**PROBLEM DESCRIPTION**
Could you print the stretch of lines below from the one with "this 1280×1810 image." through the one with "this 1288×966 image.", exactly as they stand and without any pictures?

**EXTRACTED RECORDS**
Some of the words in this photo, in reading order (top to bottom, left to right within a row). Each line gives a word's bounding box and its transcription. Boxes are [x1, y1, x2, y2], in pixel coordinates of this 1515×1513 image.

* * *

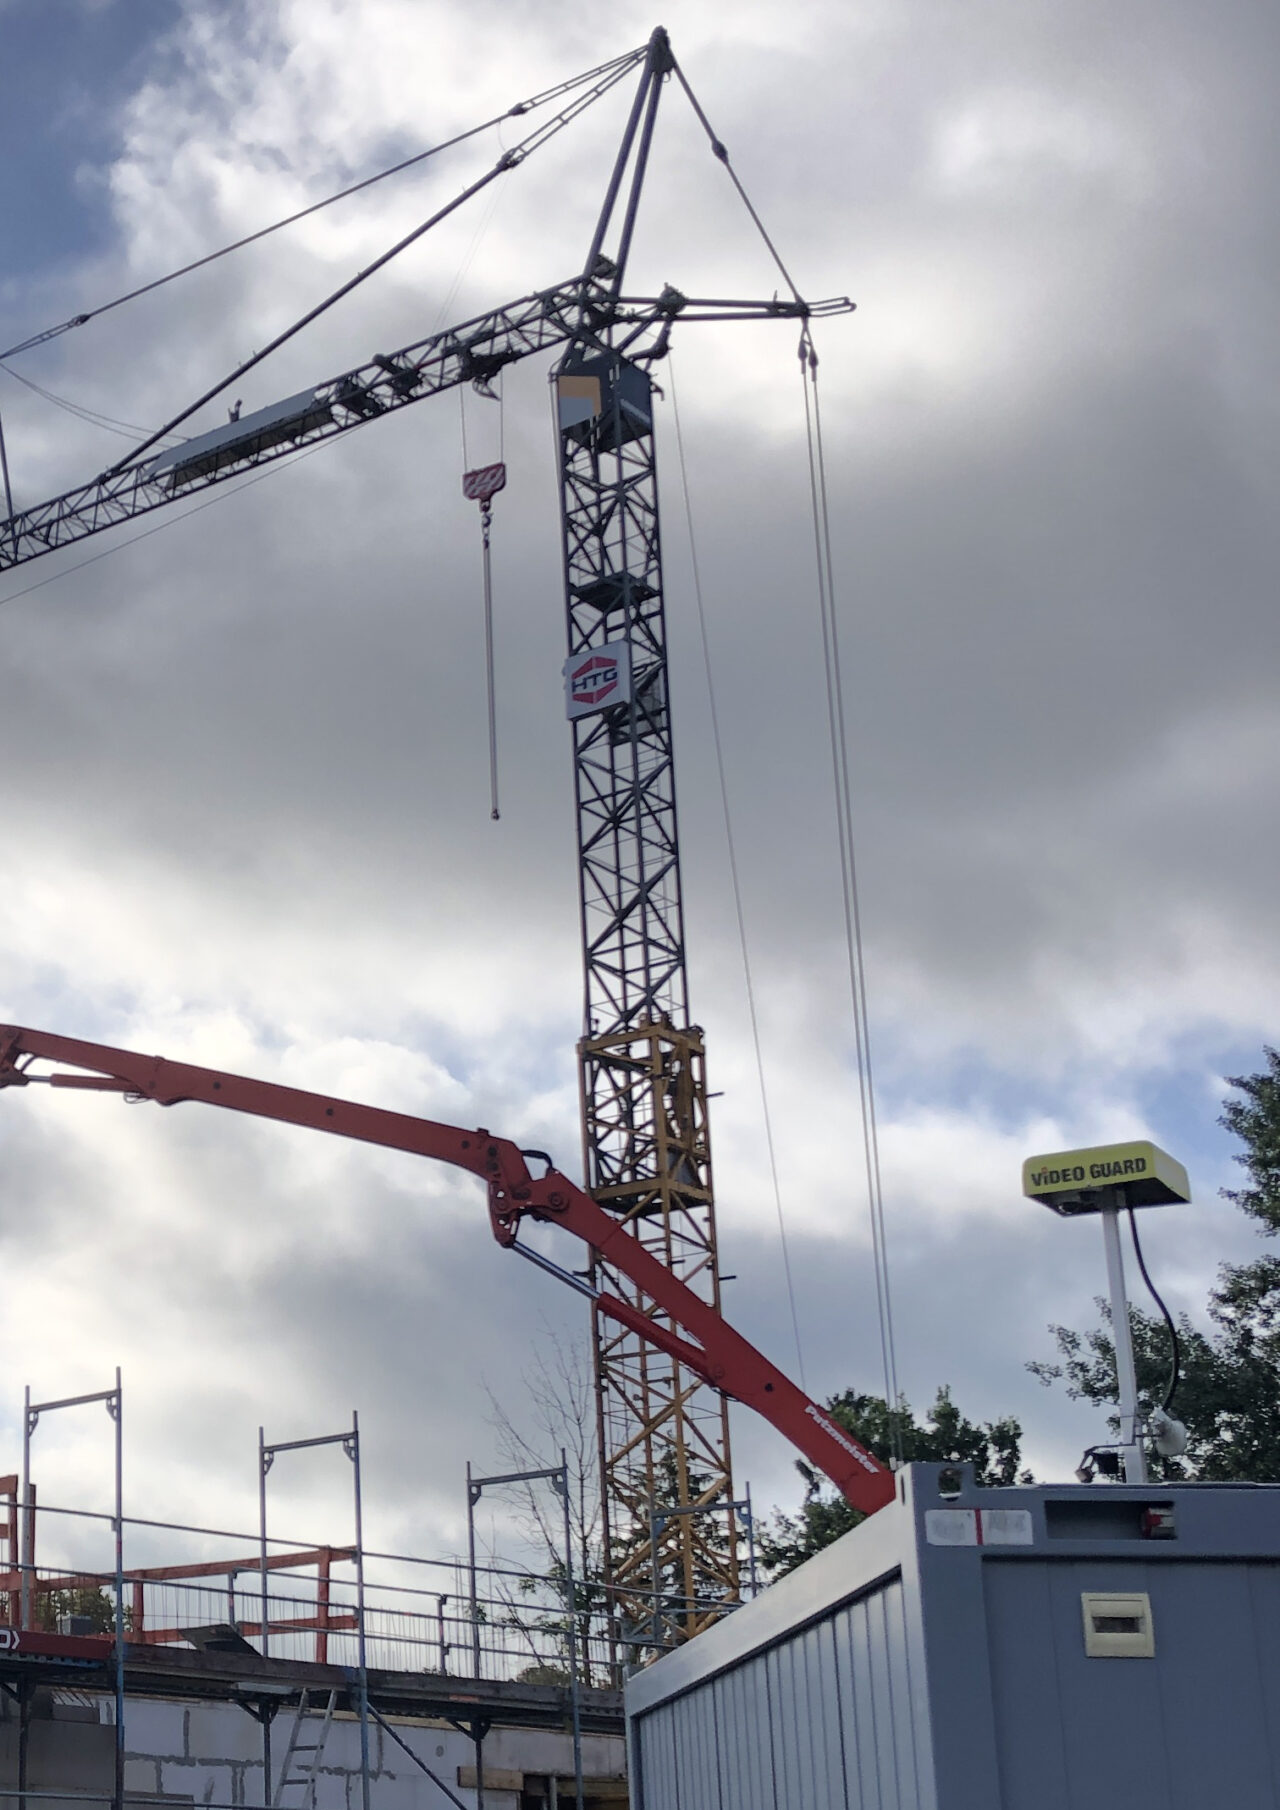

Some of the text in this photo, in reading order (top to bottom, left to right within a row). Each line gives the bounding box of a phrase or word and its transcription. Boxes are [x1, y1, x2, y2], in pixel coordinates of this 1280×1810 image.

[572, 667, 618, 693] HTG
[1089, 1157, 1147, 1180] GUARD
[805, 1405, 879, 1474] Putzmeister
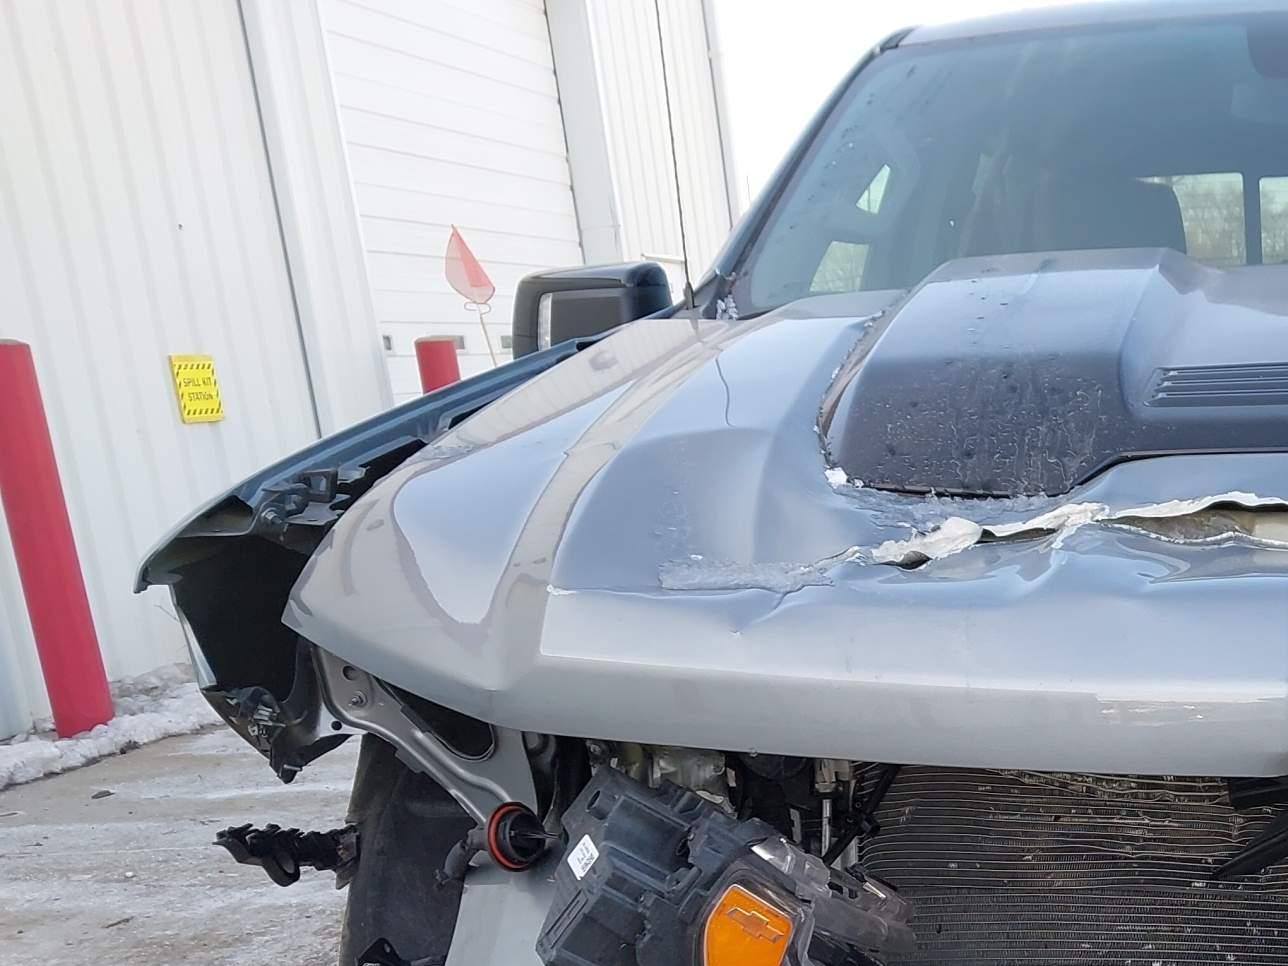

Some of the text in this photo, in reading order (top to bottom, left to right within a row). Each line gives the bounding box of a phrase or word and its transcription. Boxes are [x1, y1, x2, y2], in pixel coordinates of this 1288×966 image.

**EXPECTED ANSWER**
Some of the text in this photo, in reading order (top to bottom, left to right within a row). Each line gives the bounding box of a phrase or word and its transcription. Boxes are [x1, y1, x2, y2], in pixel coordinates of this 1280×1810 image.

[572, 667, 618, 693] HTG
[1089, 1157, 1147, 1180] GUARD
[805, 1405, 879, 1474] Putzmeister

Some of the text in this photo, in reading order (top to bottom, left to right within a row). Each line gives the bounding box of a phrase or word and its transcription. Boxes are [x1, y1, x2, y2], in pixel coordinates of this 1288×966 image.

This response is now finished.